There is a serious disconnect between the promise of social media and what it is delivering for brands, and it can be explained in one simple sentence: Social media is a customer channel before it is a marketing one.
A marketing channel is one (like TV or banner ads) where brands' primary objectives and investments are focused on prospects and success is measured in marketing outcomes like acquisition and sales volume. A customer channel is one (like phone and inbound email) where brands' primary objectives and investments are dedicated to serving current customers and where success is measured in increasing satisfaction, likelihood to recommend and repurchase.
The difference between treating social primarily as a customer channel versus a marketing channel may be subtle, but Papa John's social media mistake of last week well illustrates the contrast. Pop star Iggy Azalea ordered a pizza from Papa John's, and shortly after delivery, she started to receive texts from the driver's family who had received the celebrity's personal phone number from the employee. Iggy did what many of us would do and tweeted about the blatant infringement of her privacy:
. @PapaJohns was my favorite pizza but the drivers they use give out your personal phone number to their family members.
— IGGY AZALEA (@IGGYAZALEA) February 8, 2015
Papa John's gave the star a blithe and unacceptable response:
@iggyazalea #We should have known better. Customer and employee privacy is important to us. Please don’t #bounce us!
— Papa John's Pizza (@PapaJohns) February 9, 2015
"Don't #bounce us?" What would cause the brand to give such a terrible response to a celebrity whose privacy was violated? This can only happen when a brand treats social media first as a marketing channel and second as a customer channel.
No customer care representative in the world would--when presented with evidence of an employee violating customer trust, company policy and possibly even the law--give the response that Papa John's tweeted. That response was a marketing response authored by a marketer to elicit a marketing benefit. Iggy did not receive a reply designed to satisfy her legitimate concerns but one that attempted to turn her tweet into viral gold for the brand.
Well, if going viral was the goal, score one for Papa John's. Their careless response angered Azalea, and she went off on the brand. "A lot of damage can be done if that falls into the wrong hands, we give them this information with the expectation it remains confidential," she tweeted, followed by, "When an employee steals information it's called data breach. It's illegal. There are steps a corporation is supposed to follow afterward." That's right, a giant corporation needed to be schooled on the importance of data security and customer care by the pop star famous for singing, "Pu$$y."
This is far from the first time a brand has been spanked for treating social media as a marketing channel before a customer channel; in fact, I would suggest all brands are being spanked for this, whether or not they have had a "social media disaster" like Papa John's. This is why, despite the promise of social media adoption ushering in a new era of Word of Mouth, most brands still struggle for attention (and even the ones that manage to earn a high level of attention often fail to convert it into any brand benefit; see Kmart's "Ship my Pants, Farmer Insurance's Farmville promo, Blackberry's record fan counts and Samsung's "Selfie heard round the world.")

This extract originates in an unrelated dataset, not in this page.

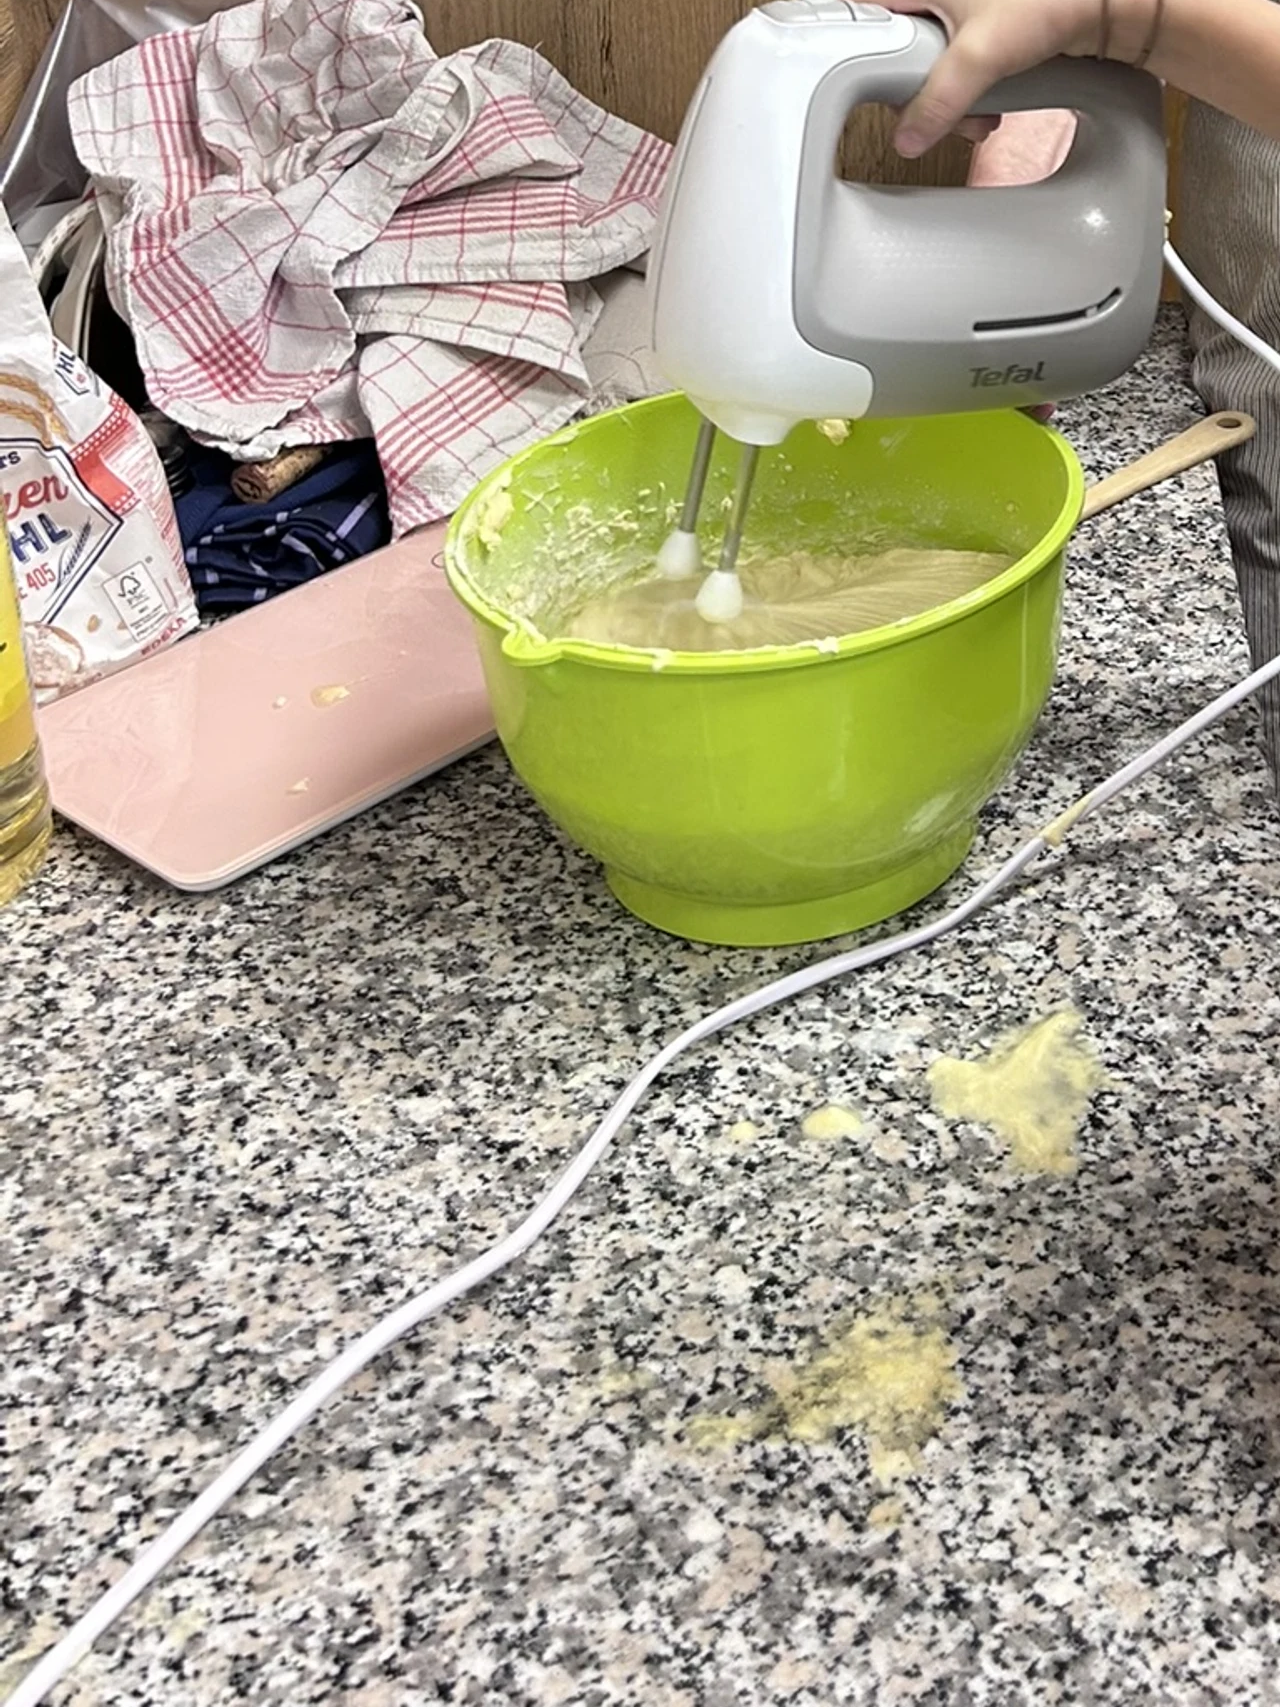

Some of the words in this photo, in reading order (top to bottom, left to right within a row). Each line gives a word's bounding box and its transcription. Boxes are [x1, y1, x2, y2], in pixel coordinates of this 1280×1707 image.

So how do you devise a strategy that is customer first/brand second in social media? There is no one answer, but here are places to start:
- Focus metrics on customer happiness, not CMO happiness: Are you measuring social media by the size of your fan count, the number of likes and conversions? Who cares most about those metrics--your customers or your CMO? Instead of aligning social objectives to things like reach, engagement and conversions, instead measure responsiveness, satisfaction, and loyalty (such as NPS and share of wallet) for those with whom you interact in social media. Those are the metrics that indicate your customers are being served by your brand strategy in social media.
- Let your Customer Care professionals, not Marketers, respond in social media: Your company already has a department dedicated to handling customer complaints and inquiries, and they do it quickly, accurately and empathetically. Let the Marketing Department worry about broadcasting content and buying paid media in social media, but when an inbound request is received, leave it to the same professionals who handle the same questions from the same customers received via phone, email, web forms, chat and other channels.
- Your social media playbook should treat serious customer needs as such: Every corporate social media team needs a playbook to help guide tone, content and escalation of significant customer concerns. A serious claim such as a privacy violation should not be left up to the judgment of whichever marketing intern happens to monitoring the stream at the moment (or, as Rose Cameron suggested on this week's BeanCast, the only person in the office who knew who Iggy Azalea is.)
- Listen and be present for customers: Times are changing for social networks, and this means your brand strategy must change with them. With organic reach trending downward and widely expected to hit (essentially) zero in the foreseeable future, now is the time to rethink why and how your company engages in social media. Brands are disappearing from consumers' newsfeeds, which means a strategy of being present when customers want the brand to be will beat a strategy that assumes consumers will see (and want) marketing content.
Approach social media like your brand is present for customers, and you can not only avoid mistakes like Papa John's but also enhance your reputation and business opportunities in social media. But continue to act as if consumers are there for your brand--to engage, to spread your content and to build your Word of Mouth--and it should come as no surprise that consumers see through your self-interest and diminish your brand's reputation.